The annual report on the financial health of Social Security and Medicare was published this week. Contrary to some accounts that it pronounced Social Security in better health than last year, the report concluded that Social Security's long-term prospects are deteriorating rapidly.

Typically, the Trustees report is an academic tome that requires a Ph.D. and a case of Vivarin to get through and understand. But this year's report contains new features that make it impossible to ignore the extent of the financial burden we will leave to our children and grandchildren if the two pillars of our nation's retirement system are not fixed soon, and how quickly the problem will be felt.

The only thing people typically focus on in the annual report is the date when the Social Security and Medicare Trust Funds run out of money – 2042 and 2026, respectively. The initial media coverage said Social Security has grown "stronger," since this year's report says the Social Security Trust Fund will be solvent for a year longer than previously expected. Of course, this overly reported statistic masks the truth – both Social Security and Medicare have gotten significantly worse since last year.

The report's authors make this point extremely well. Take this excerpt from the report:

"We believe public concern about the financial future of Medicare and Social Security tends to focus unduly on their trust fund exhaustion dates, when benefits scheduled under current law legally could no longer be paid in full." The problems actually begin much sooner, says the report, when Social Security and Medicare need more cash to pay benefits cash than the programs collect each year in taxes.

That date comes sooner than you think. Right now, Social Security and Medicare add money to the federal budget because the payroll taxes they collected is more than enough to cover the full costs of today's Social Security and Medicare benefits.

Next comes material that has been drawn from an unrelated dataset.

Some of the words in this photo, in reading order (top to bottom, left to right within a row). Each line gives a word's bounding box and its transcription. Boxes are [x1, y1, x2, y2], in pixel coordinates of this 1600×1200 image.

By 2008, however, Social Security and Medicare will stop adding money to the federal budget and will begin draining money away. By 2013, to pay full benefits the two programs will need about 5 percent of all federal income taxes – almost $100 billion – in addition to what they will collect in payroll taxes. By 2040, it will take nearly half of all the federal government's income tax revenue to pay for Social Security and Medicare – in addition to the payroll taxes they will already collect.

Of course, current law requires that Social Security benefits be cut to available funding, so if we don't agree to transfer all that federal budget money to Social Security and Medicare, we'll have to cut benefits for younger and future workers.

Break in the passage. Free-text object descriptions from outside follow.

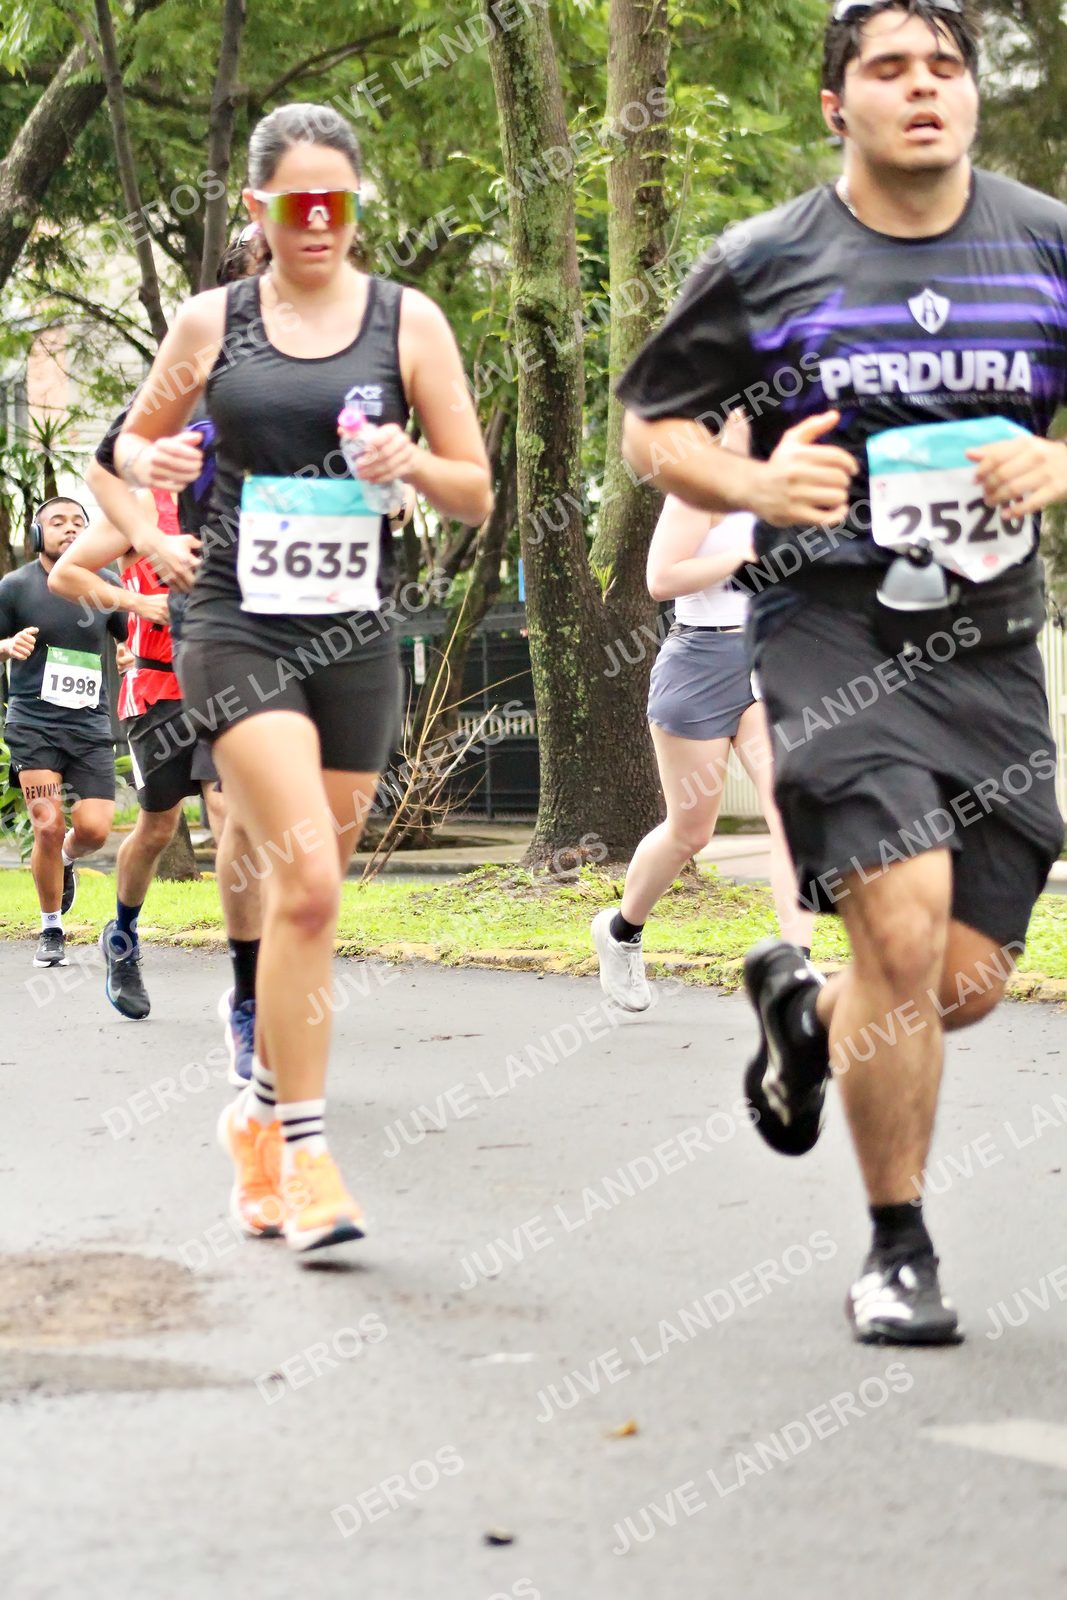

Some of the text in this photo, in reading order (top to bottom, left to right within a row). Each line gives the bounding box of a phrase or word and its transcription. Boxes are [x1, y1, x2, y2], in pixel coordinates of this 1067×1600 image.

[818, 350, 1032, 400] PERDURA
[251, 540, 368, 580] 3635
[50, 674, 97, 697] 1998
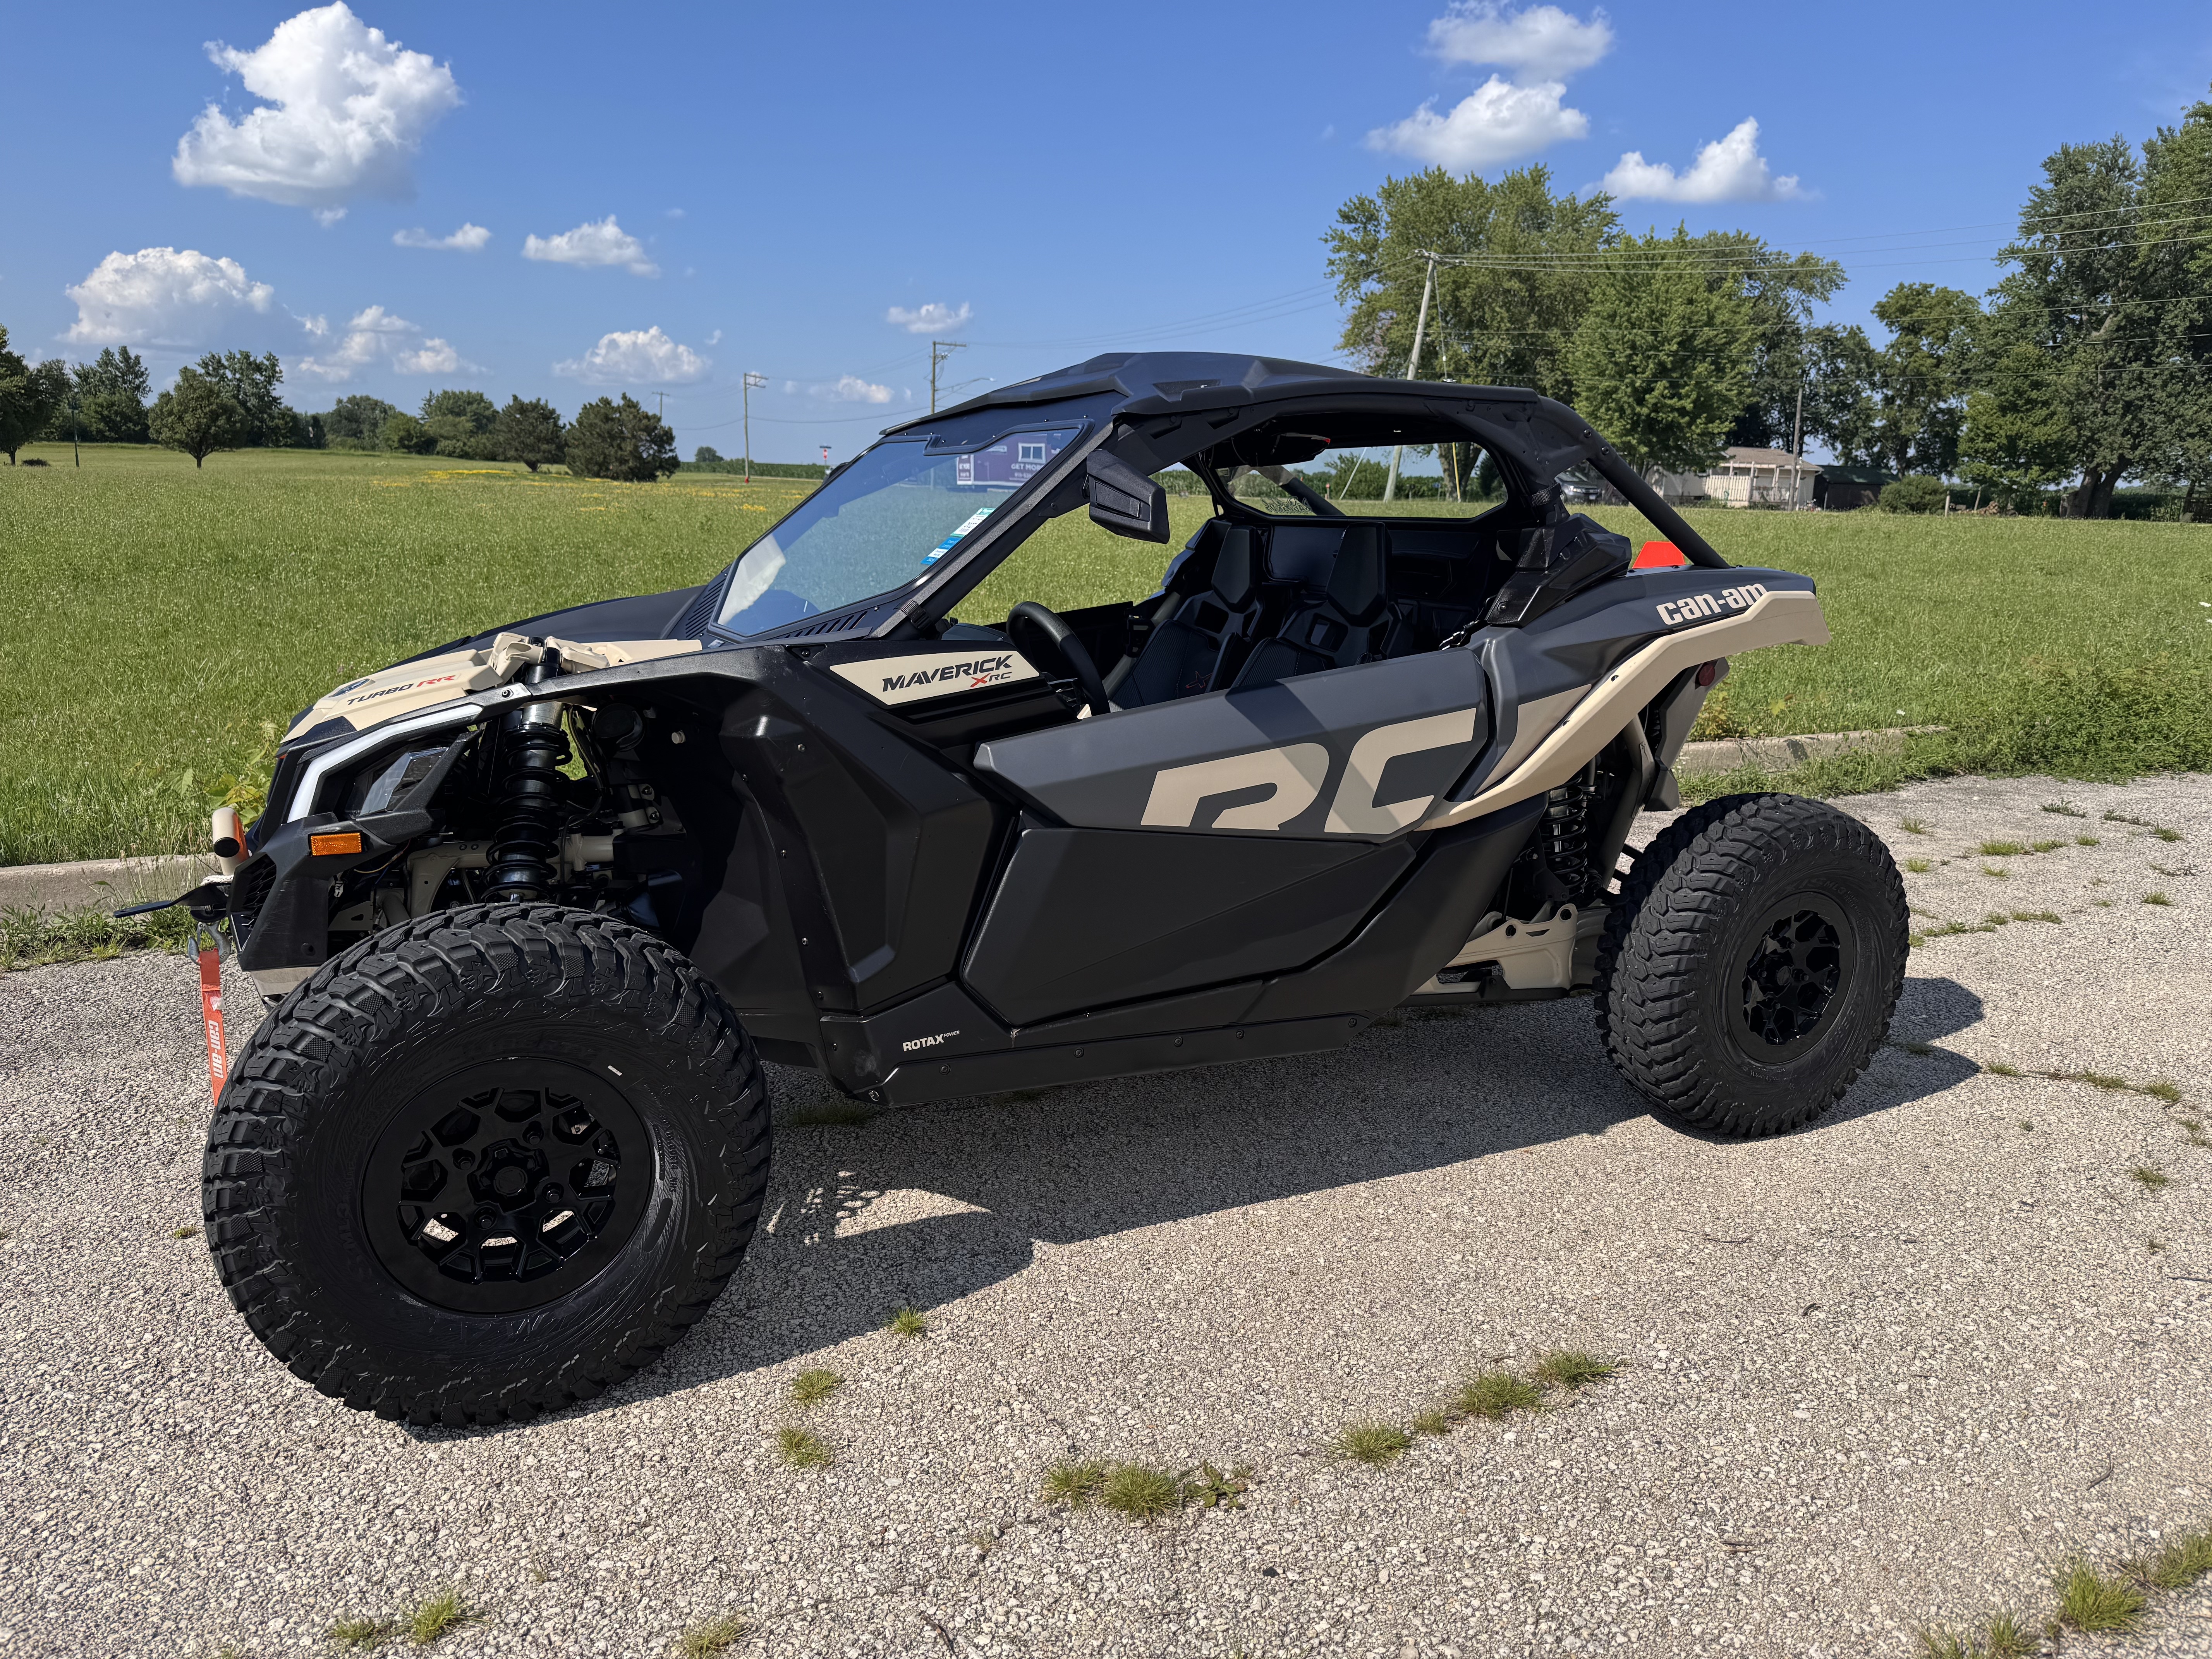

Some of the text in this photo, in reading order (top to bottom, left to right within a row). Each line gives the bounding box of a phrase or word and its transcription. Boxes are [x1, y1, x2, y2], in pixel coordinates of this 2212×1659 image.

[1656, 583, 1767, 625] can-am
[347, 675, 457, 705] TURBO RR
[882, 654, 1013, 692] MAVERICK
[208, 1020, 224, 1079] can-am
[903, 1034, 945, 1052] ROTAX

Social Security will be able to pay the benefits it owes current and near retirees, but younger workers – our kids and grandkids – are in trouble if changes are not made soon. Social Security promises $27 trillion more in benefits than it can afford to pay, a $1 trillion increase from last year's calculation. As a result, Social Security can only afford about two-thirds of our kids and grandkids' benefits.

We should leave our problems to our heirs; that's not responsible. What can we do? President Bush and others have proposed the idea of personal retirement accounts. The Bush plan would allow younger workers to set aside some of their Social Security money in a personal account that would be invested in the market. The account would earn a market return over the worker's life and would pay part of their Social Security benefits at retirement.

That's the benefit of personal accounts. Each worker would be saving part of his or her own Social Security benefits. Thus, Social Security's burden on future workers will be dramatically reduced.

While there are short-term costs to such a proposal, the cost of doing nothing is much higher. Further, benefits of reform for the long-term health of the program cannot be understated. Not only will our children be able to live knowing that their retirement is secure, but Social Security will no longer be a vacuum sucking resources from other important priorities, such as roads, schools and our nation's defense. Plus, personal accounts will stimulate economic growth and free up needed resources to fix Medicare.

The problems are clear. There are solutions on the table. We should act before it is too late.